One thing that may be motivating the House Republicans to come up with something is the fact that their colleagues in the Senate are growing restless:
In the Senate, top Republicans began crafting a proposal that would reopen the government and raise the federal debt limit for as long as three months — an approach closer to the terms Obama has set to end the standoff.
The developments meant that bipartisan negotiations were suddenly underway on two separate tracks Thursday after weeks of stalemate. Major questions remain, however, about the path ahead.
Both sides described Obama’s evening session with House Republicans as a “good meeting” and said talks will continue.
“The president’s goal remains to ensure we pay the bills we’ve incurred, reopen the government and get back to the business of growing the economy,” the White House said in a statement.
House Speaker John A. Boehner (R-Ohio) left the session and returned to the Capitol without speaking to reporters. Majority Leader Eric Cantor (R-Va.) said the meeting was “clarifying,” even though it did not produce a resolution.
“He didn’t say yes. He didn’t say no,” said House Budget Committee Chairman Paul Ryan (R-Wis.). “We’re continuing to negotiate this evening.”
White House officials were careful not to characterize the meeting as a negotiation, after the president spent weeks publicly and privately declaring that he would not negotiate over lifting the debt ceiling. According to a Democrat familiar with the meeting, Obama agreed to review GOP proposals for reopening the government but reiterated that he would not make policy concessions.
Republicans, however, did describe the process as a negotiation. The 20 House Republicans — Boehner declined the offer to bring all 232 GOP lawmakers to the White House — gathered in the Roosevelt Room with Obama, Vice President Biden, Treasury Secretary Jack Lew and other senior officials.
Reporting from the press this morning has been fairly optimistic about the idea that a deal not only on a temporary debt ceiling increase, but also a temporary Continuing Resolution may be at hand, but it seems clear that there many hurdles that such a deal would face before it would be anything close to a realistic possibility. For one thing, any deal on a Continuing Resolution would have to be run past the full House GOP Caucus by Leadership, and there are still members of that caucus who are pushing the idea of using the CR as leverage to force some kind of concessions on Obamacare. For another, it seems pretty clear that Republicans are going to require some kind of real guarantee of substantive talks over the next six weeks, otherwise it’s likely to be hard to persuade Republicans already skeptical of the Administration and their own leadership to sign onto a plan that requires a tremendous among of trust up front.

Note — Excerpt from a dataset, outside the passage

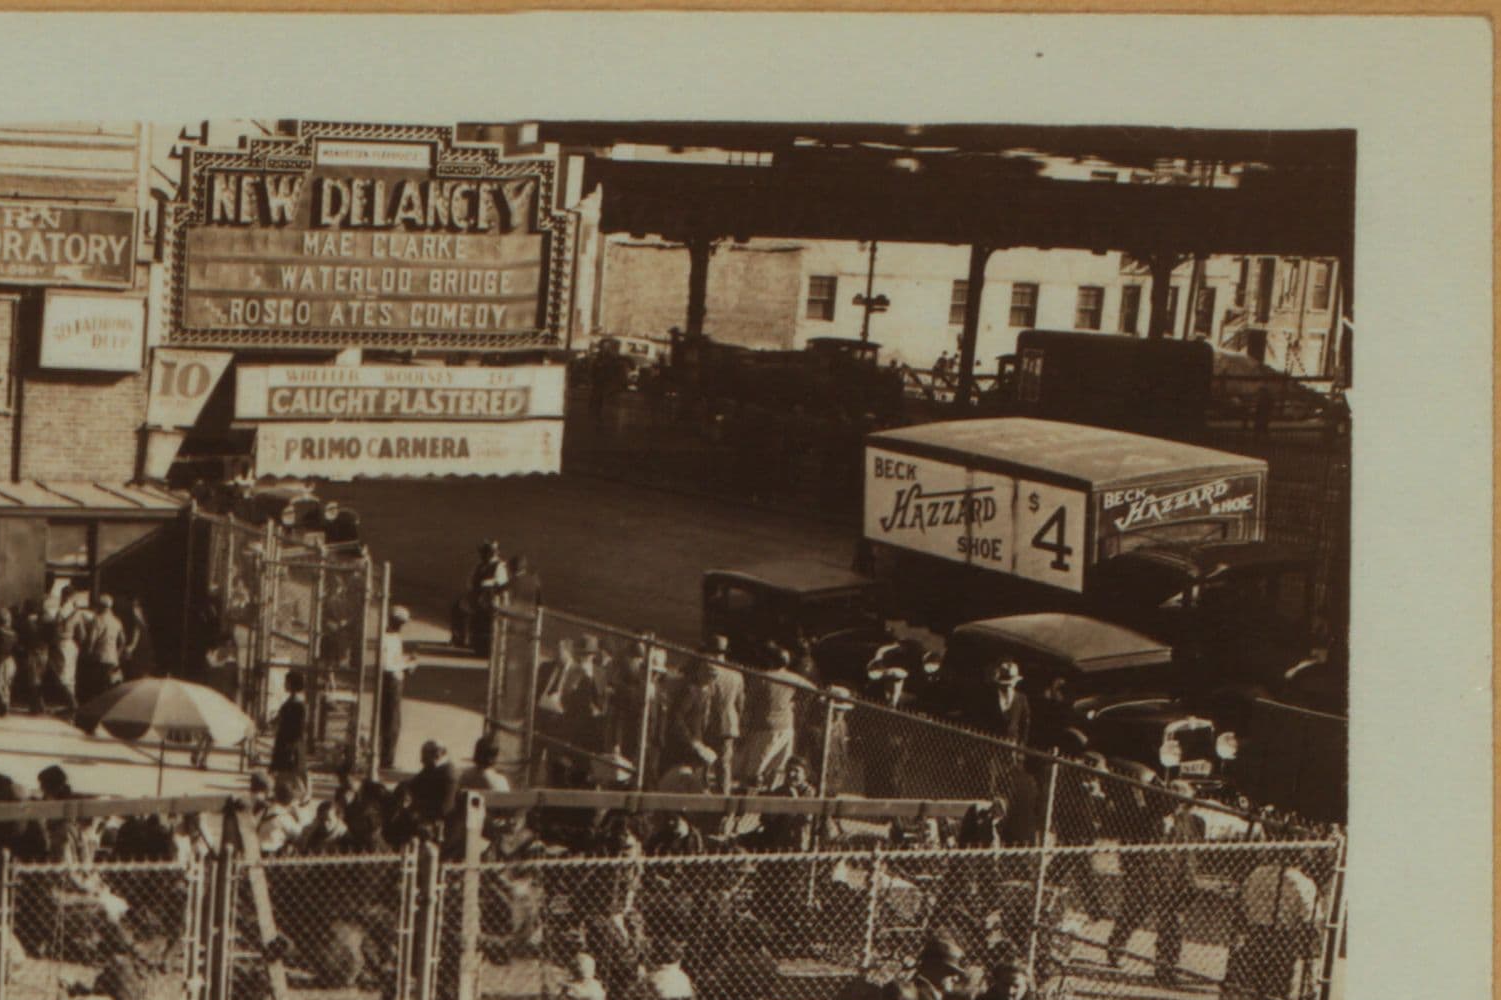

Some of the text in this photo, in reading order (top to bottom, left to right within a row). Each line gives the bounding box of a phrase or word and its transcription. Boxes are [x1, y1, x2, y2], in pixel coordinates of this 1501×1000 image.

Even if we do reach a deal resembling what’s being discussed, of course, there’s no guarantee of success. Six weeks hardly seems like a sufficient amount of time within which to resolve the differences between the parties on many of the issues that will be discussed, especially if the subject matter of discussions turns to the kind of mini “Grand Bargain” that Paul Ryan suggested earlier this week. Additionally, if the Tea Party wing of the GOP insists on pushing for a long term deal that chips away at Obamacare somehow, then it’s obvious that negotiations are going to stalemate at some point. Ideally, these “short term” extensions should be longer, ideally until some time in mid-December at the very least and possibly into some time in January. As it stands, don’t be surprised to see the conversation in Washington shifting back toward shutdown once again as we head into Thanksgiving and the Christmas Holidays.
But, let’s be optimistic I suppose and hope that Congress is at least going to find a temporary solution to this latest manufactured crisis.